No son los seres humanos, sino los lobos y demás fieras, quienes ahora buscan sus madrigueras para esconderse.
–¡Canalla! –se enfureció Yediguéi–. ¡A ti te importa poco que estire la pata o estirarla tú mismo! –y le sacudió en la mandíbula.
Se agarraron, se destrozaron los labios uno a otro. Menos mal que el fogonero saltó de la máquina y los separó a tiempo.
Así era Kazangap. Hoy día no hay hombres como él, ya no quedan Kazangaps. Al último lo llevan hoy a enterrar. Sólo queda esconder al difunto bajo tierra con las palabras de adiós, y ¡amén!

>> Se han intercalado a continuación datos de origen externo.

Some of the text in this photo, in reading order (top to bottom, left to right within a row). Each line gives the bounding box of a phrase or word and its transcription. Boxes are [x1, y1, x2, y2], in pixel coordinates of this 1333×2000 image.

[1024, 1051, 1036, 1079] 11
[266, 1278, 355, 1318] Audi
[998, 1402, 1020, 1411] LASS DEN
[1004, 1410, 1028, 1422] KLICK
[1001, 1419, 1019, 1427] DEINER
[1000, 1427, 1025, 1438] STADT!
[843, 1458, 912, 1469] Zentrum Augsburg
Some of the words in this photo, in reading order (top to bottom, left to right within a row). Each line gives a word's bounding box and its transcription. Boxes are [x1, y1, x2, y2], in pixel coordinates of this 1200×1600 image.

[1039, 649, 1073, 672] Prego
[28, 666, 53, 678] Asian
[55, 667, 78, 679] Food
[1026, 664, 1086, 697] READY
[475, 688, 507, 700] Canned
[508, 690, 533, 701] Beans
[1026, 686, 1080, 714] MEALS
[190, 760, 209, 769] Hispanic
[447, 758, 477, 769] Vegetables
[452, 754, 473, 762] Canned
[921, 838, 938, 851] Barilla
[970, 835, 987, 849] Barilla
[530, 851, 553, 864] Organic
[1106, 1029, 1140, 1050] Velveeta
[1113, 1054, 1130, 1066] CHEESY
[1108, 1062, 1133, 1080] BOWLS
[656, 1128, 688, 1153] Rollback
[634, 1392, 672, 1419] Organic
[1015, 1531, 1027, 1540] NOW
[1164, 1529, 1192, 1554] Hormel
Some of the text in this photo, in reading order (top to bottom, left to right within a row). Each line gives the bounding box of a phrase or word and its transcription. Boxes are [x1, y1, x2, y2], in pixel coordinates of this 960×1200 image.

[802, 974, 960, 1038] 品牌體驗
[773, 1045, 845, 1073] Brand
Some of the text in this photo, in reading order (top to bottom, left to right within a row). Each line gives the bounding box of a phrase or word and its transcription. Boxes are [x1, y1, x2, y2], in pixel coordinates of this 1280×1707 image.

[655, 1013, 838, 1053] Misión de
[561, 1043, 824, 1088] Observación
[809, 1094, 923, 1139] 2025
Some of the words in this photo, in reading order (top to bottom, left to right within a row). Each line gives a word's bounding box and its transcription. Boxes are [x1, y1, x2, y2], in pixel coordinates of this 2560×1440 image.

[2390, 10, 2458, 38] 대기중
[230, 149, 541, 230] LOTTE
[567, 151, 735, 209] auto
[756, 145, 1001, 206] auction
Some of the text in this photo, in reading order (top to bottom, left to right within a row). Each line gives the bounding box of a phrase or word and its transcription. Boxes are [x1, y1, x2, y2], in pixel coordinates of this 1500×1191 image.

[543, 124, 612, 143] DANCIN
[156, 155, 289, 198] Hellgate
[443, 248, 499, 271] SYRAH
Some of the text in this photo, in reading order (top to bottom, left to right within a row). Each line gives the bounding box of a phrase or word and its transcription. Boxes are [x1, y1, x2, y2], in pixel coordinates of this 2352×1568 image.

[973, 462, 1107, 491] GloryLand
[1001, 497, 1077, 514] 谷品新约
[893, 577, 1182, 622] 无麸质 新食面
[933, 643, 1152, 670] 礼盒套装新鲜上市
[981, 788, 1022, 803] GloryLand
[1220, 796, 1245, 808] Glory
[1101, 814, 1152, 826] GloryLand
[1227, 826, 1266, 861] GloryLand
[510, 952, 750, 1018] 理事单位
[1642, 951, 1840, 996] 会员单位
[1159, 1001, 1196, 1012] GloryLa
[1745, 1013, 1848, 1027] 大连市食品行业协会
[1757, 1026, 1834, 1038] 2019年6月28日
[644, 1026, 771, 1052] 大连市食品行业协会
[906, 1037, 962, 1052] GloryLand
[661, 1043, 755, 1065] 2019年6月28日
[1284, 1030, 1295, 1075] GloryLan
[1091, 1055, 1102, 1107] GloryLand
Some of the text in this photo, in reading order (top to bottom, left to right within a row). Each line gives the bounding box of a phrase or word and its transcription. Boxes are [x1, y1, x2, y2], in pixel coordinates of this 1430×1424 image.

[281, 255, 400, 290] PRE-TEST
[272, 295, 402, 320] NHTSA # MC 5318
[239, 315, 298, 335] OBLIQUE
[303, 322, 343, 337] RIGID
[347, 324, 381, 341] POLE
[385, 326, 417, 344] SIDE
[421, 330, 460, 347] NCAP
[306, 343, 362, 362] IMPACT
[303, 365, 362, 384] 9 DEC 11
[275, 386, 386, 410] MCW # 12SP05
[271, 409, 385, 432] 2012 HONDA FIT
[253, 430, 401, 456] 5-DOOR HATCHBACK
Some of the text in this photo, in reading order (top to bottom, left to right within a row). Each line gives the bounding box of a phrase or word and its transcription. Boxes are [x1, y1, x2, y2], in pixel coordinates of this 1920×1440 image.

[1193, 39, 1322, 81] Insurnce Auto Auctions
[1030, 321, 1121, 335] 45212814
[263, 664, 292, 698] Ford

Pensando en esto, Burani Yediguéi repetía en su interior oraciones medio olvidadas, para comprobar el orden establecido de las palabras, para reproducir exactamente en la memoria un orden de pensamientos dirigidos a Dios, pues sólo Él, incognoscible e invisible, puede conciliar en la conciencia del hombre los incompatibles principio y fin, vida y muerte. Para eso, seguramente, se han compuesto las oraciones. Pues no llegarán tus gritos a Dios, no le podrás preguntar por qué lo ha establecido así para que haya que nacer y que morir. Y así vive el hombre desde que el mundo es mundo, no aceptándolo pero conformándose. Y esas oraciones son invariables desde aquellos días, y dicen lo mismo, para que el hombre no proteste inútilmente, para que se consuele. Y estas palabras, pulidas por los siglos como piezas de oro fundido, son las últimas de las últimas que debe pronunciar el vivo ante el muerto. Éste es el rito.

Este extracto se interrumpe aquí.